Statistical Process Control in Monitoring Radiotherapy Quality Assurance Program: An Institutional Experience.

Document Type : Original Paper

Authors

1 Department of Physics, Noorul Islam Centre for Higher Education, Kumaracoil- 629 180, Kanyakumari District, Tamilnadu, India.

2 Department of Medical Physics and Radiation Safety, MVR Cancer Centre & Research Institute, Calicut, India

3 Department of Medical Physics and Radiation Safety, MVR Cancer Centre & Research Institute, Calicut, India

Abstract

Introduction: Statistical process control (SPC) is a handy and powerful tool for monitoring quality assurance (QA) programs in radiotherapy.
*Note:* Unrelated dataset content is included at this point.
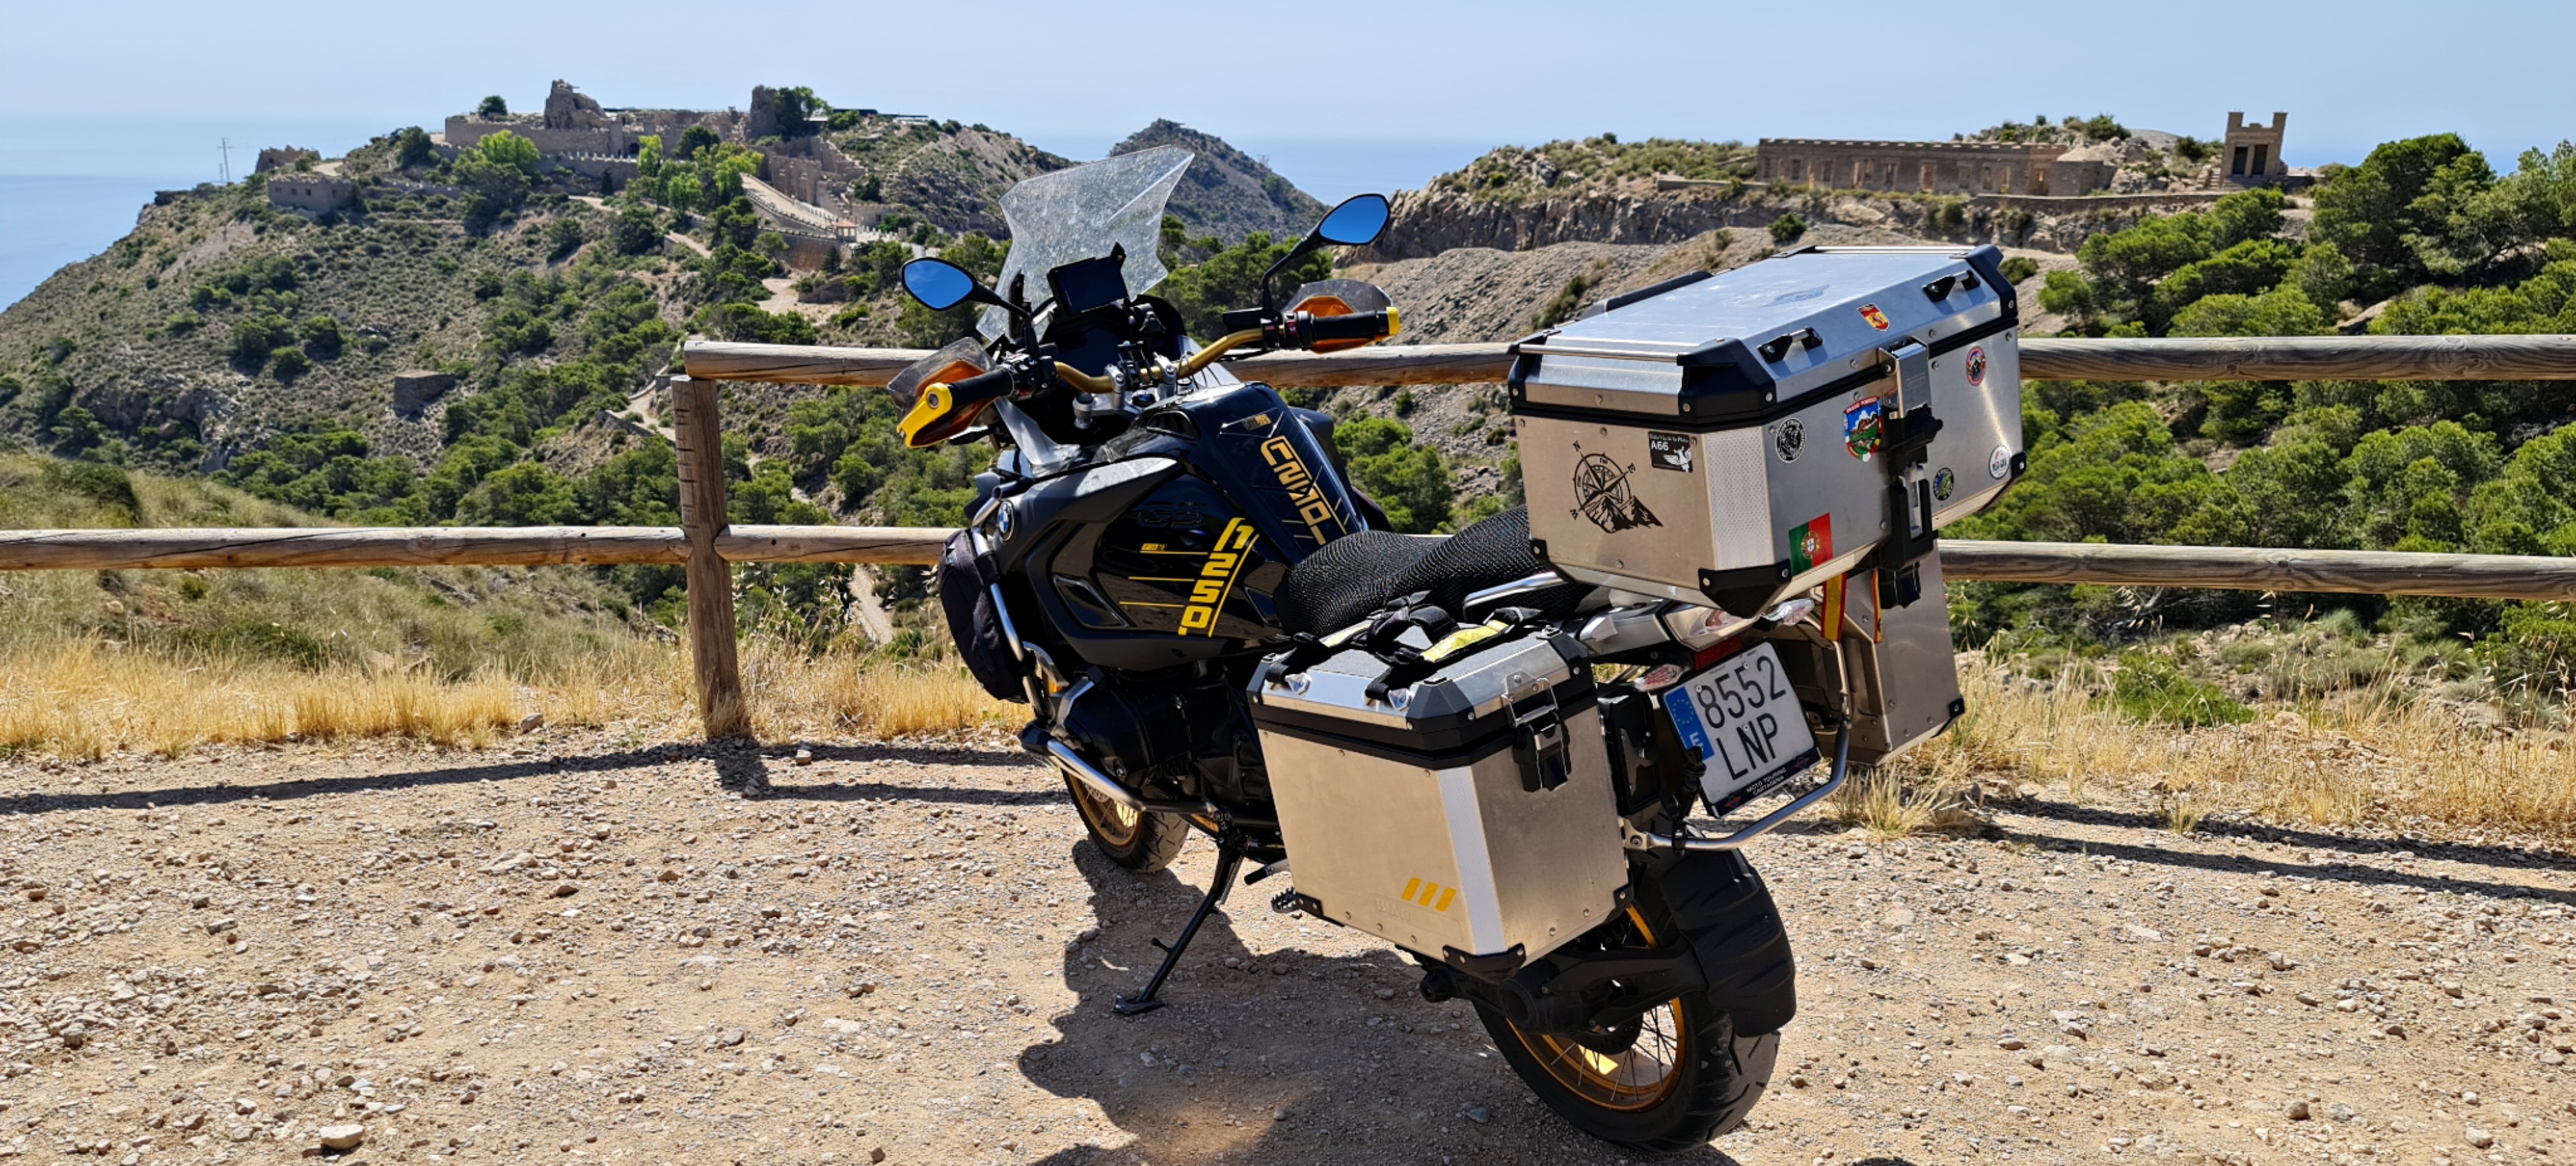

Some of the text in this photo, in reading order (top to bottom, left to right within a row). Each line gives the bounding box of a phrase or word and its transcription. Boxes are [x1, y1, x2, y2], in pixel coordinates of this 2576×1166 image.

This study explains the institutional experience in monitoring weekly output constancy QA and patient-specific quality assurance (PSQA) using SPC tools.
Material and Methods: Prospective monitoring of output constancy has been demonstrated by the simultaneous usage of Shewhart's I-MR charts and time-weighted control charts. PSQA results were retrospectively analysed in a combined γ and dose volume histogram (DVH) based analysis using control charts and process capability indices. A PSQA analysis method has been illustrated in which the site-specific action limits (AL) and control limits (CL) for γ and DVH based analysis were obtained using SPC.               
Results: The simultaneous use of different control charts indicated a systematic error in the output constancy of Linac as successive measurement points fell above the CL. The reason for failure was found and process was monitored further. The obtained AL and CL for γ and DVH based analysis were used to decide pass or fail criteria in PSQA. Among the analysed treatment plans, fourteen plans of different treatment sites failed the PSQA analysis. Cause-and-effect analysis of these failed treatment plans in PSQA pointed out six primary potential sources of errors in the results.
Conclusion: SPC tools can be adopted among institutions for consistent and comparable QA programs. If the QA process monitored using SPC falls outside the CL, cause-and-effect diagrams can be used to extract all possible contributing factors that lead to such a process state.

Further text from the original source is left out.